- George Foreman
World Heavyweight champion, entrepreneur–and fellow "George" enthusiast–George is the quintessence of what it means to be a George Foreman. Utterly. That said, I did considered bumping him to the #2 slot as his grill is a complete bitch to clean.
- George Foreman III
A boxer like his father, George III "Monk" Foreman finished his heavyweight career 16-0. Sixteen-and-oh. Fifteen of those? K.O.s. The sixteenth? Unanimous decision. That's a hell of a record. Basically, he's George 2.0, which makes George III my George #2.
- Georgetta Foreman
Georgetta is a television producer. She spent ten years on Divorce Court and the last five on Let's Make a Deal, all following her stint on the six-episode Foreman family reality series Family Foreman. Heck yeah. - George Foreman Jr.

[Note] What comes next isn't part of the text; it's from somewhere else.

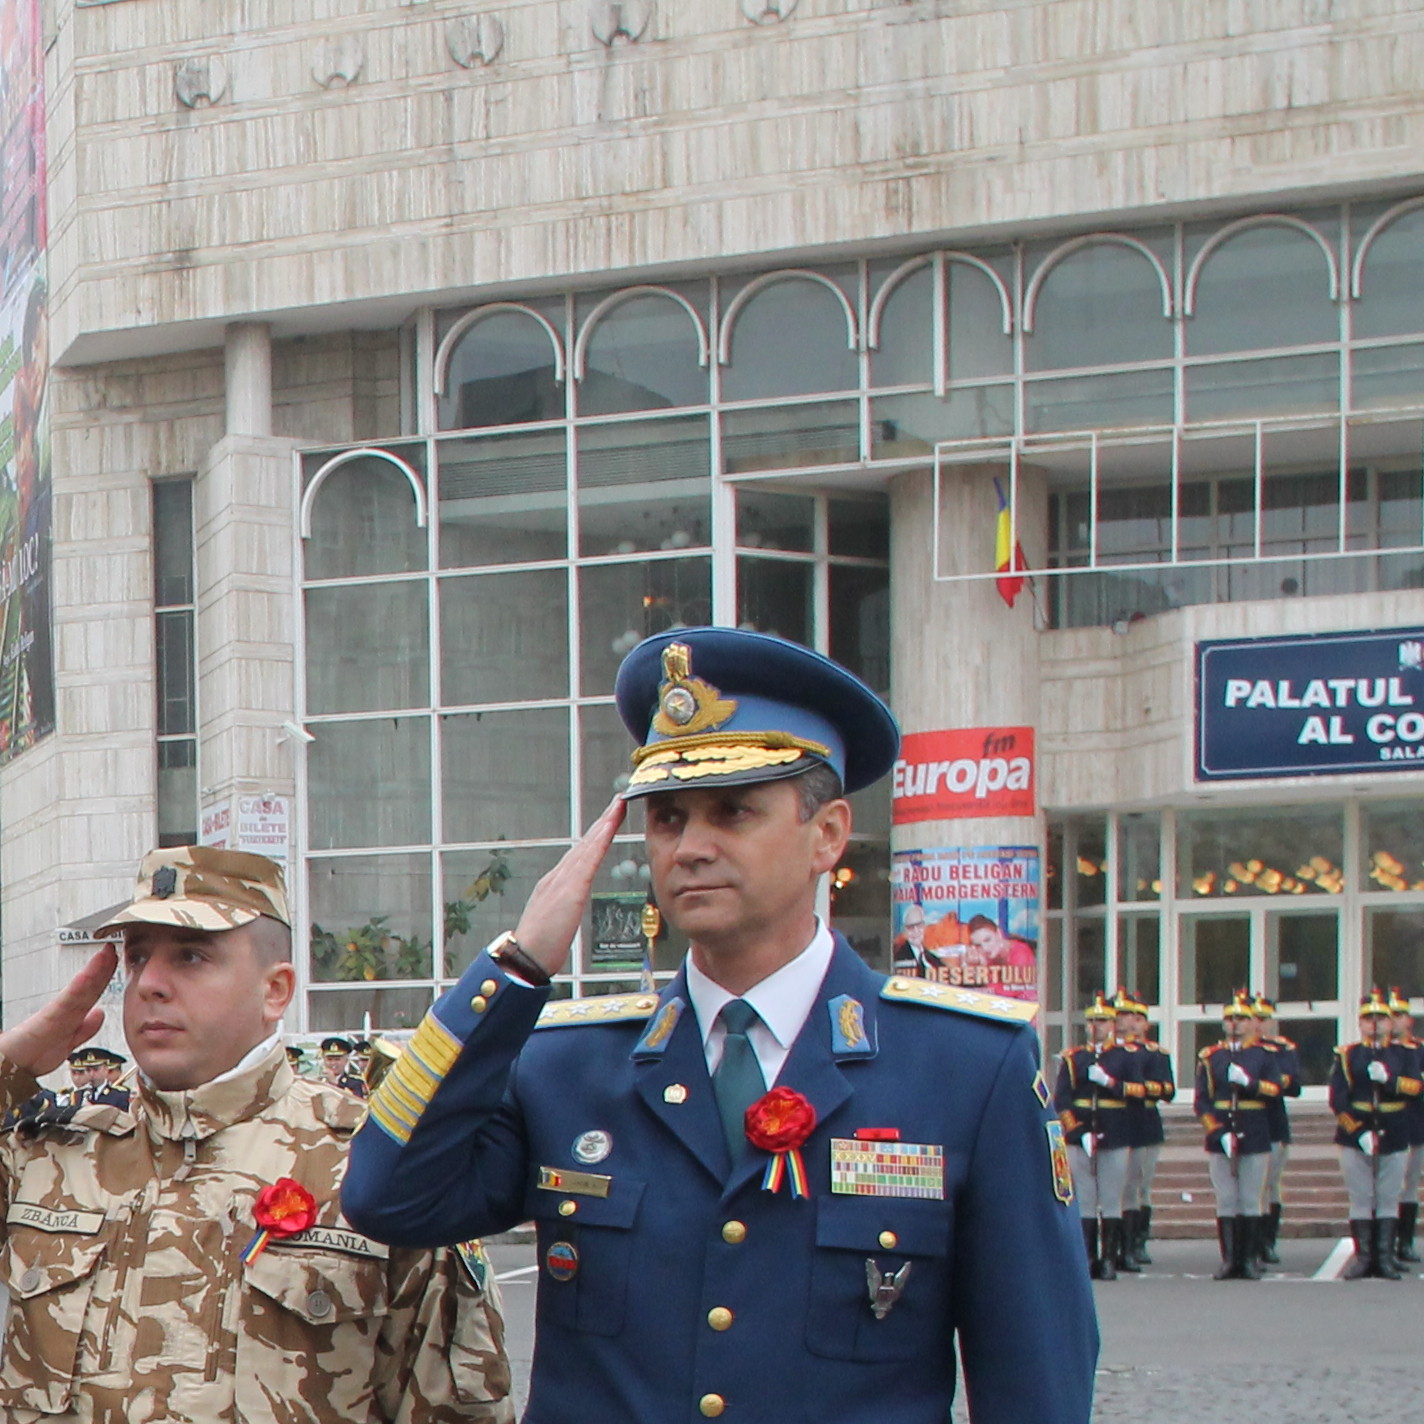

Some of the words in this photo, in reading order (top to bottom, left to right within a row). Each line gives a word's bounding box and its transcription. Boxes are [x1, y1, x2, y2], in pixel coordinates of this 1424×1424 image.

Parlayed his father's grill empire into a successful business career for himself, despite "never [taking] math in college." Neither did I, Jr. Neither did I. - George Foreman IV "Big Wheel"
Publicist for the Foreman clan. He also manages the George Foreman Youth Center in Houston, TX where he teaches boxing to kids. He is by far the best looking of the Georges.
- George Foreman VI "Little Joey"
I mean damn if this kid wasn't George Prime's Mini Me. If someone were casting for the Foreman Kids Mysteries, Joey'd have my vote for the role of George. (Shut up, I know that's not how casting works.)
- George Foreman V "Red"
I lied. George V is the looker of the family. However he was also arrested in 2014 for choking his wife. This makes him the undisputed worst George Foreman ever. Didn't mean to end on such a reprehensible down note. I'm … starting to think this list should have been a countdown.
Let's just remember the happier days.